Reading Along with David Souter

You have to love David Souter. First he tosses the world’s best tenured job out the window when jobs aren’t exactly going begging, then he doesn’t announce a book deal, then you start learning about his digs. The New Hampshire farmhouse, it turns out, wasn’t exactly a castle: no phone, no running water, a definition of Souter-rustic. Then you learn he has quit the farmhouse in Weare for a Cape Cod in Hopkinton. How many people do you know who uproot from Weare and resettle 8 miles away in Hopkinton? I learned this from a learned piece in the New York Times and explored some of its implications on my True/Slant blog (you’re invited.)

Here, though, is why I love David Souter: his books were getting too heavy for the farmhouse to handle. When you get too many books, you buy a house with stronger shelves. David Souter has his priorities right.

My father might have rivalled the good Justice. When he retired, after 28 years, from the 3-story house owned by the college he worked for, it fell to my sisters and me to deal with the books. Over a period of roughly two years we furnished a small room in the college library, gave away truckloads to anyone with a book-yearning appearance, divvied up another hundred or so and finally ripped the backs off — and this is as painful for the ripper as for the rippee, I suspect — of the rest so they could go to the country recyclers.

My current, final husband is in this same rarefied class: books are in stacks on the floor where they overflow the wall-to-wall shelves. But when a friend publishes something new or the Daedalus catalogue comes… well, what’s a reader to do.

I submit this Souter Plan for reviving the economy: accumulate more books, buy more shelving, move to a house with stronger walls when necessary. (Excepting this writer, please; I asked for a pre-nup that stipulates I will die first so I don’t have to deal with it all.) If everyone followed this plan we wouldn’t need Cash for Clunkers to stimulate the economy, and we’d probably have world peace because we’d all be too busy reading.

Juries of one’s peers

Newly out of a San Francisco jury pool, though I hardly got wet, I am reflecting on this being-judged-by-a-jury-of-one’s-peers business.

The defendant, turning to face us as we filed into the courtroom, was a 60-something man with a kind face and gentle demeanor. I knew from the color of his skin and the neighborhood he called home that I had had advantages in life which he had not. I knew from the well-known attorney handling his case that causes I support were supporting the defendant. I was in the defendant’s pocket. But — a peer?
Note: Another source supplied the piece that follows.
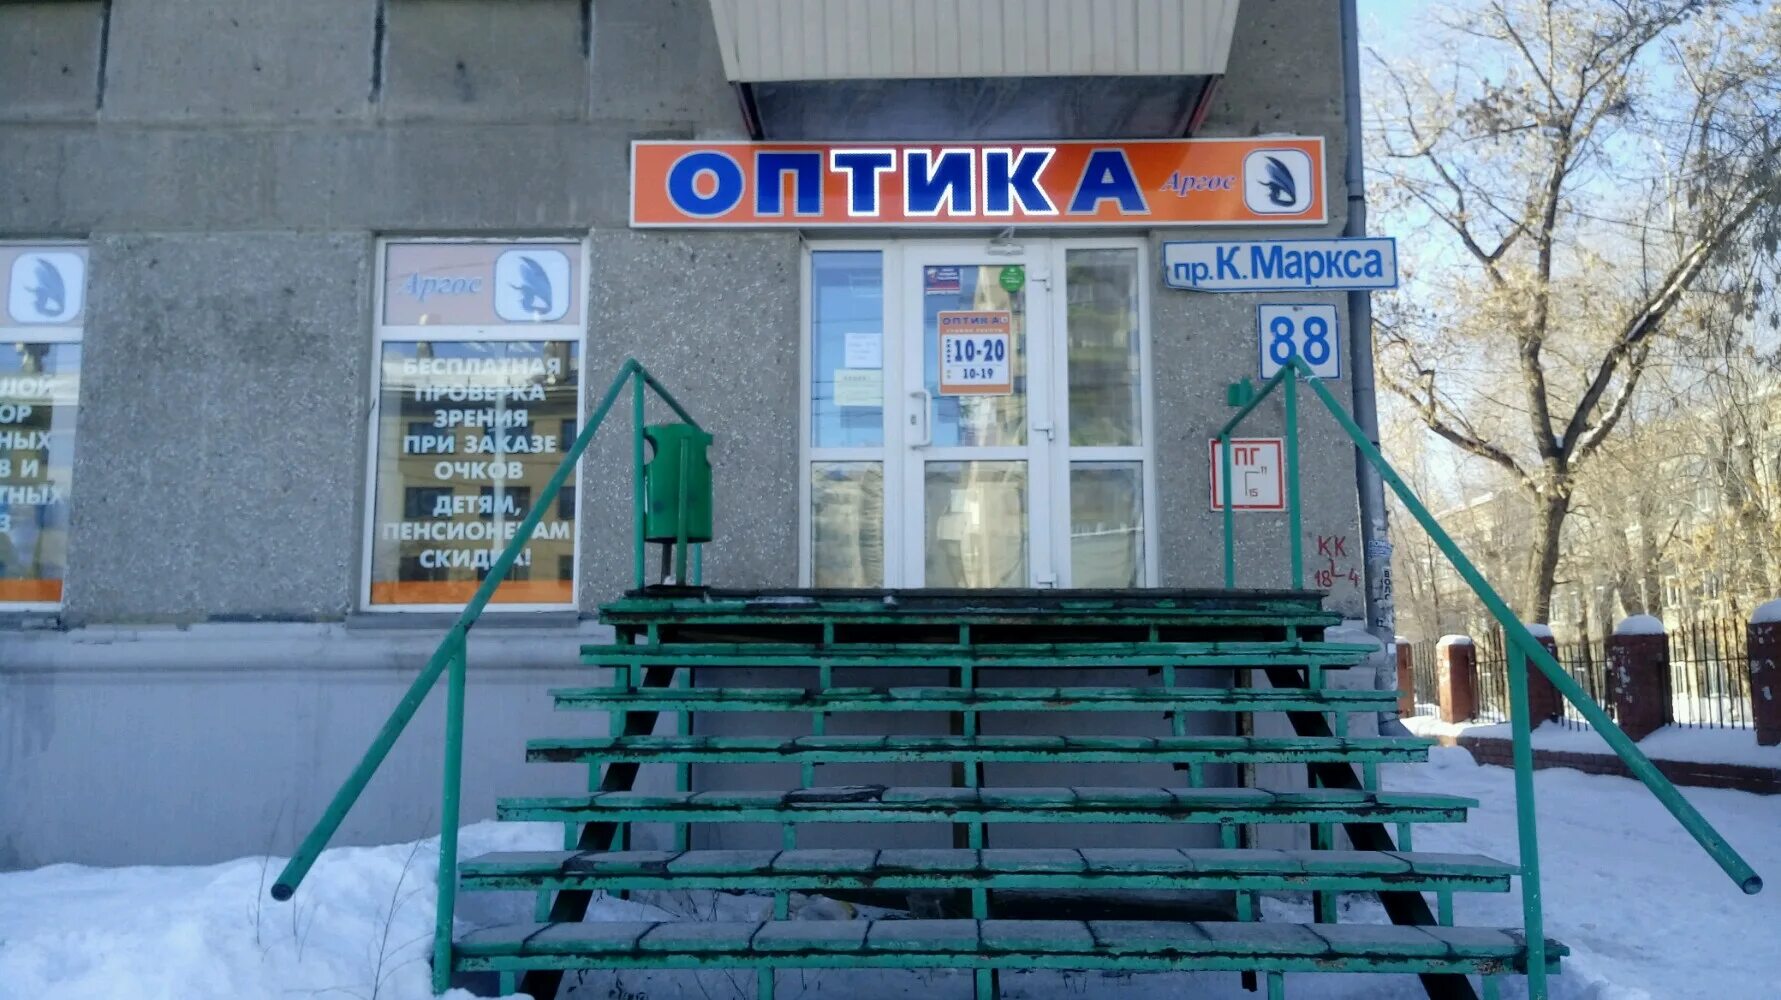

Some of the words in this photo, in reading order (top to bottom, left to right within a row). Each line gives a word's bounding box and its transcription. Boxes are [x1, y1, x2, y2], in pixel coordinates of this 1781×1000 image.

In short order, however, we were told the case involved heroin and handguns, causes I do not support. As a card-carrying Brady Campaign member, and someone intimately acquainted with addictions – even if only, happily, nicotine and alcohol – I am disinclined to be sympathetic to those who go around with hard drugs and 9 mm hardware. Plus, I was impressed with the prosecuting attorney; you could say I felt peer-ship with her. The two sides were a wash, and I figured I could be fair as the law requires.

About halfway through the first round of questioning one prospective juror brought up California’s three strikes law. No way, one after another of us said, could we convict someone of a relatively minor crime (details of which of course we did not yet know) when we knew he’d be effectively in the slammer forever. The judge rather pointedly explained we were forbidden from considering punishment – but the specter had been raised. DNA, someone asked? Uh oh, a whole row of scientist types had opinions. And don’t even get us started on what we think of police in general (vehement pros and cons, nobody near neutral) – the case is going to rest on who believes whom, and an awful lot of the who’s will be officers of the law. The eliminations began.

By the time we were thanked and excused, either by the court because we had obvious reasons we should be sent home, or by the opposing attorneys for reasons known only to opposing attorneys, dozens of seemingly level-headed citizens had come and gone, most of them peers whom I thought I’d want for my judges. It seemed worrisome.

Who was left? I don’t know precisely, since I was not among the remnant that remained. But in hindsight this is the group I believe was there: Quite likely at least one or two people from the defendant’s ’hood. At least one or two who believe cops are good guys and one or two who think anyone in a uniform is brutal and corrupt. Probably a recovering alcoholic, a marijuana smoker, and at least one or two people who think it is none of the government’s darned business what we citizens put in our bodies. A hunter. Someone who had been mugged. I met them all in the pool. Peers. The case is in good hands.

Which does beat having some autocrat chop off your head.